Once the two weeks were up, Burgos took Ocampo to his apartment, even though he was still in delicate health. Initially, she didn’t plan to spend the night, but she couldn’t find it in her heart to leave him. She fed him. She bathed him. She cleaned his apartment. And even when Ocampo tested positive for COVID-19 just a few days after coming back from the hospital, she didn’t leave.
“If I didn’t stay, who would?” Burgos said.
Since then, Burgos has helped Ocampos secure new housing by advocating for a new city policy that makes it easier for self-employed workers in Chicago to qualify for affordable housing.
But Burgos said that caring for the beloved ice cream vendor by herself took a toll on her already fragile health. After she cared for Ocampo for nearly five weeks, her doctors advised her to rest.

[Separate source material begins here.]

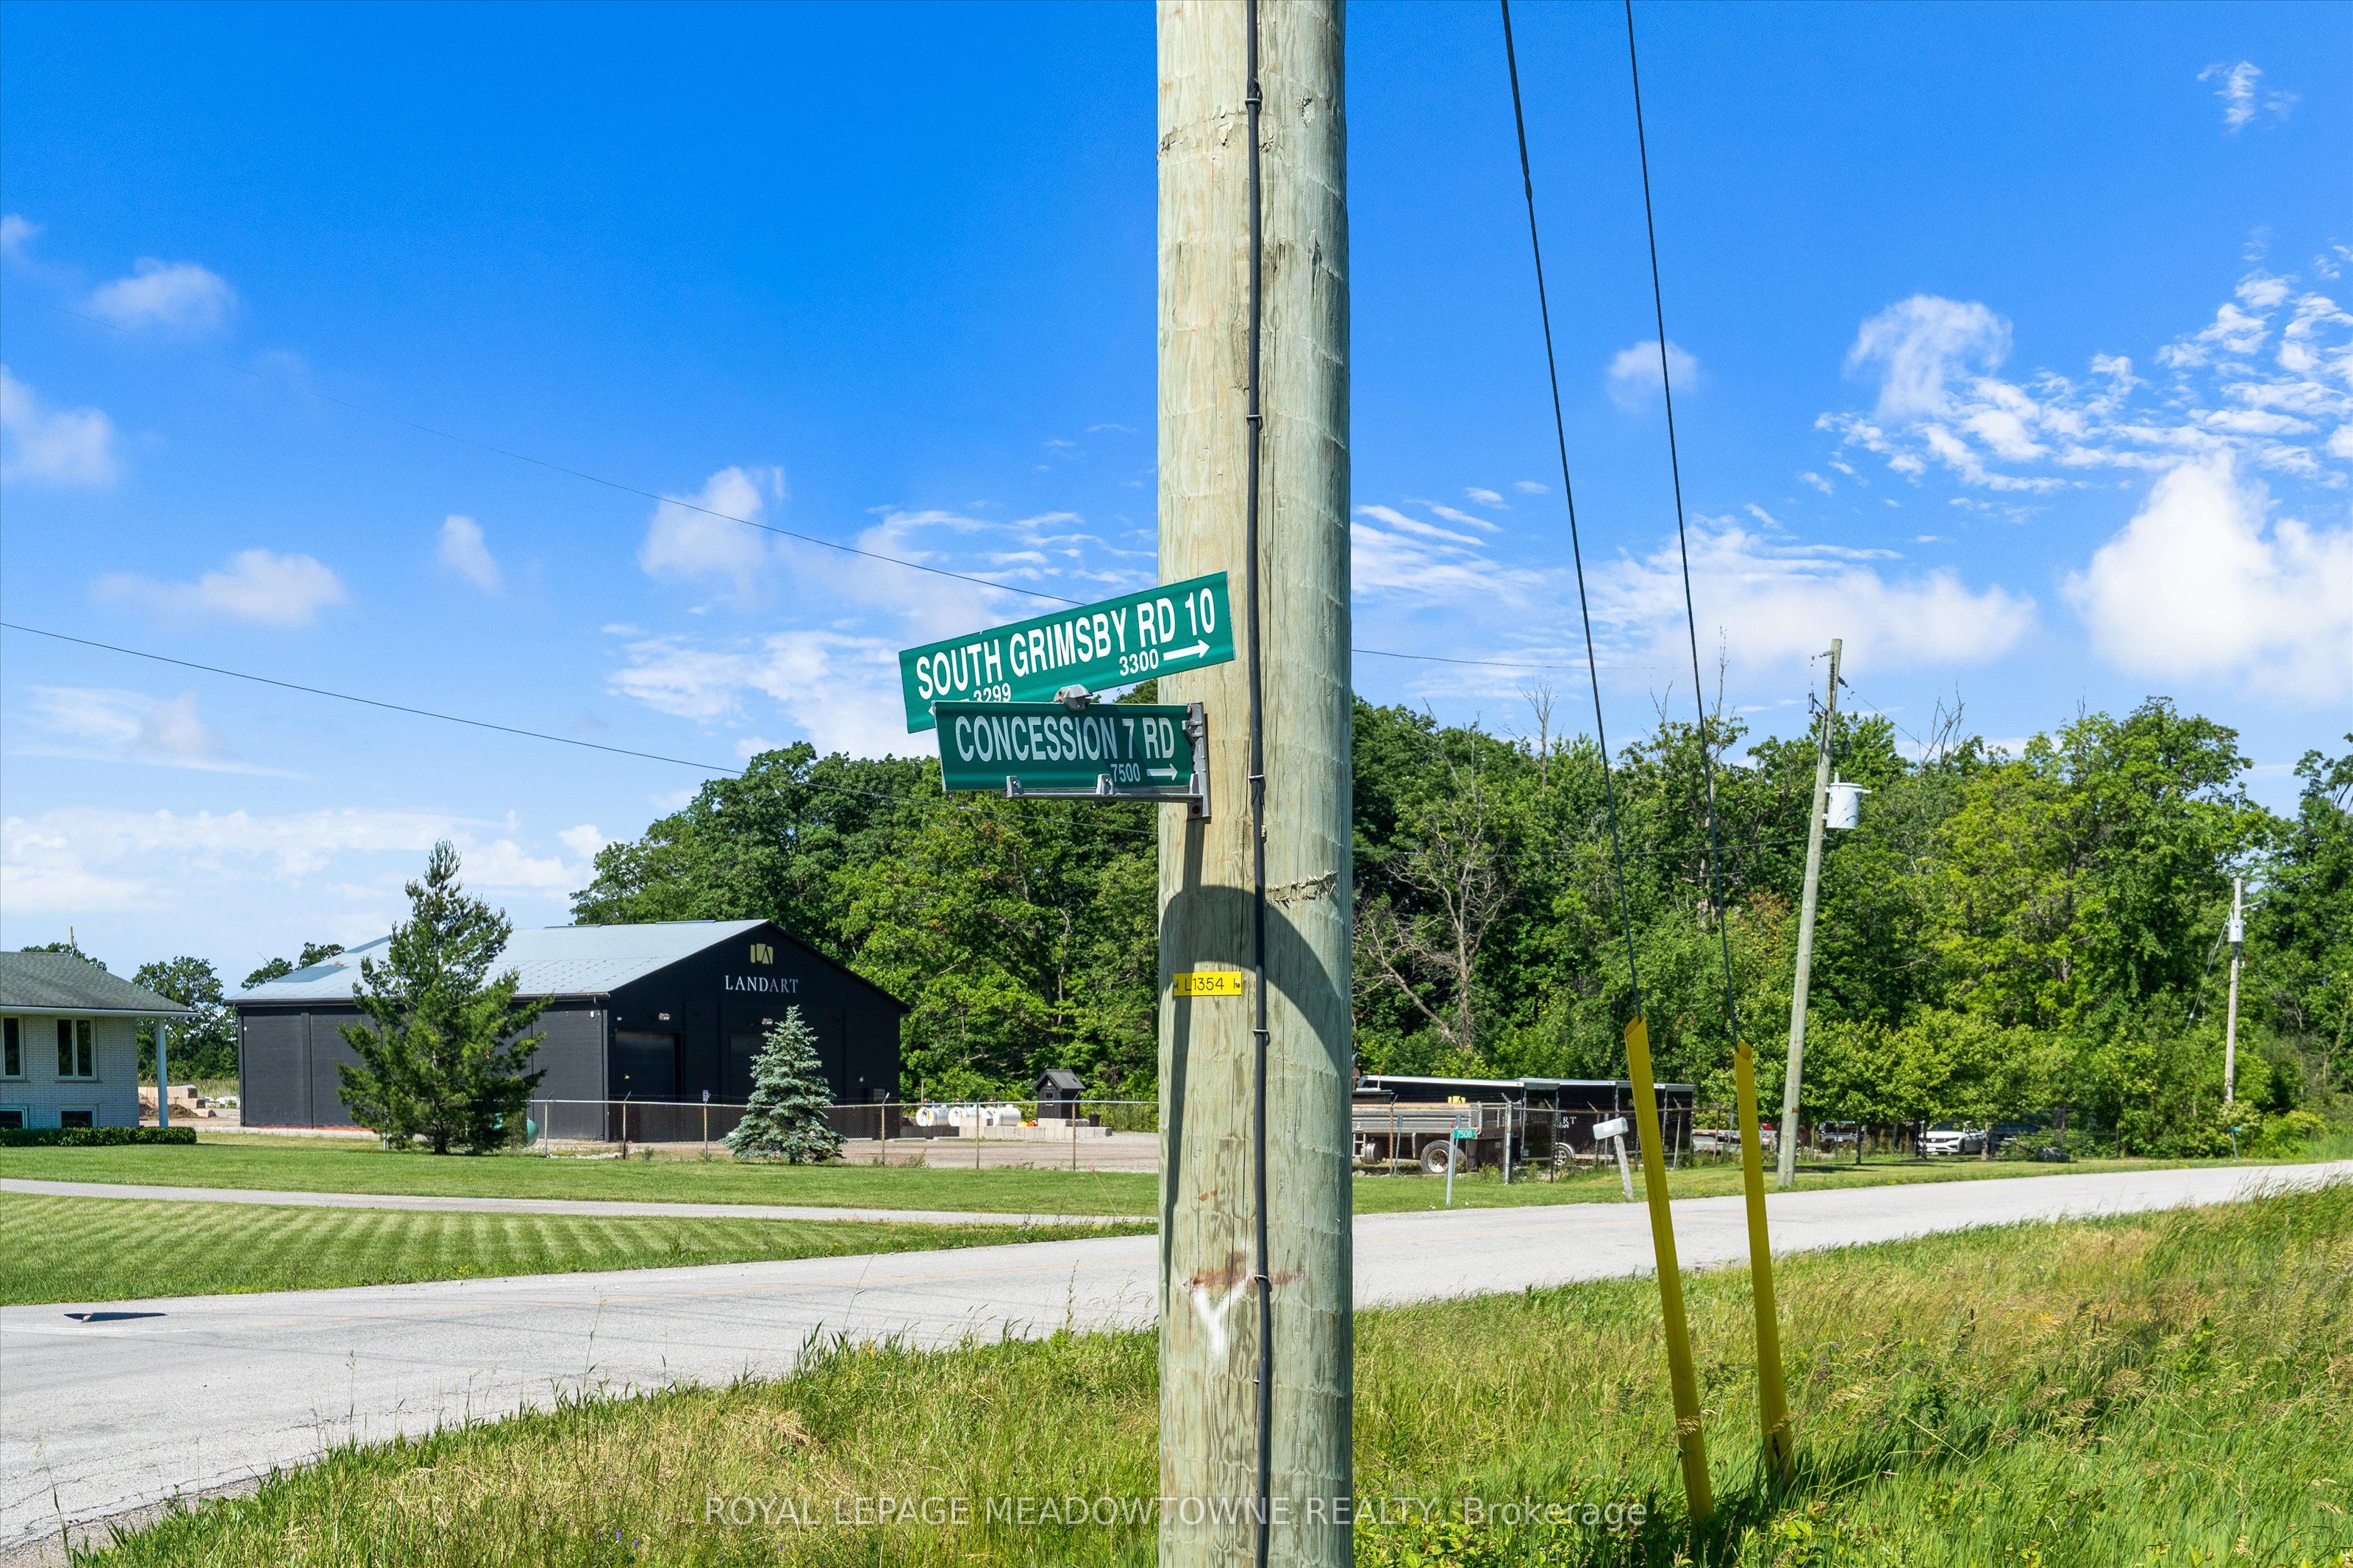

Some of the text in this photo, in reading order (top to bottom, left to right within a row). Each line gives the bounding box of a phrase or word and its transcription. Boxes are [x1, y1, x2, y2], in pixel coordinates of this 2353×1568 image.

Ocampo has almost fully recovered from the knee replacement surgery to his right joint, and his surgeon told him that he will be ready for a second surgery as soon as May. But Burgos doesn’t think she can take care of him again.
Unless he gets approved for a rehab facility that would guarantee that a professional can take care of him while he recovers, Burgos said she doesn’t see how Ocampo will be able to get the next surgery.
“If no one can take care of me or I can’t stay in the hospital until I’m able to walk on my own (after surgery), then I just think I won’t get it anymore,” Ocampo said while walking down 18th street on a warmer day in March. “The pain isn’t so bad anymore.”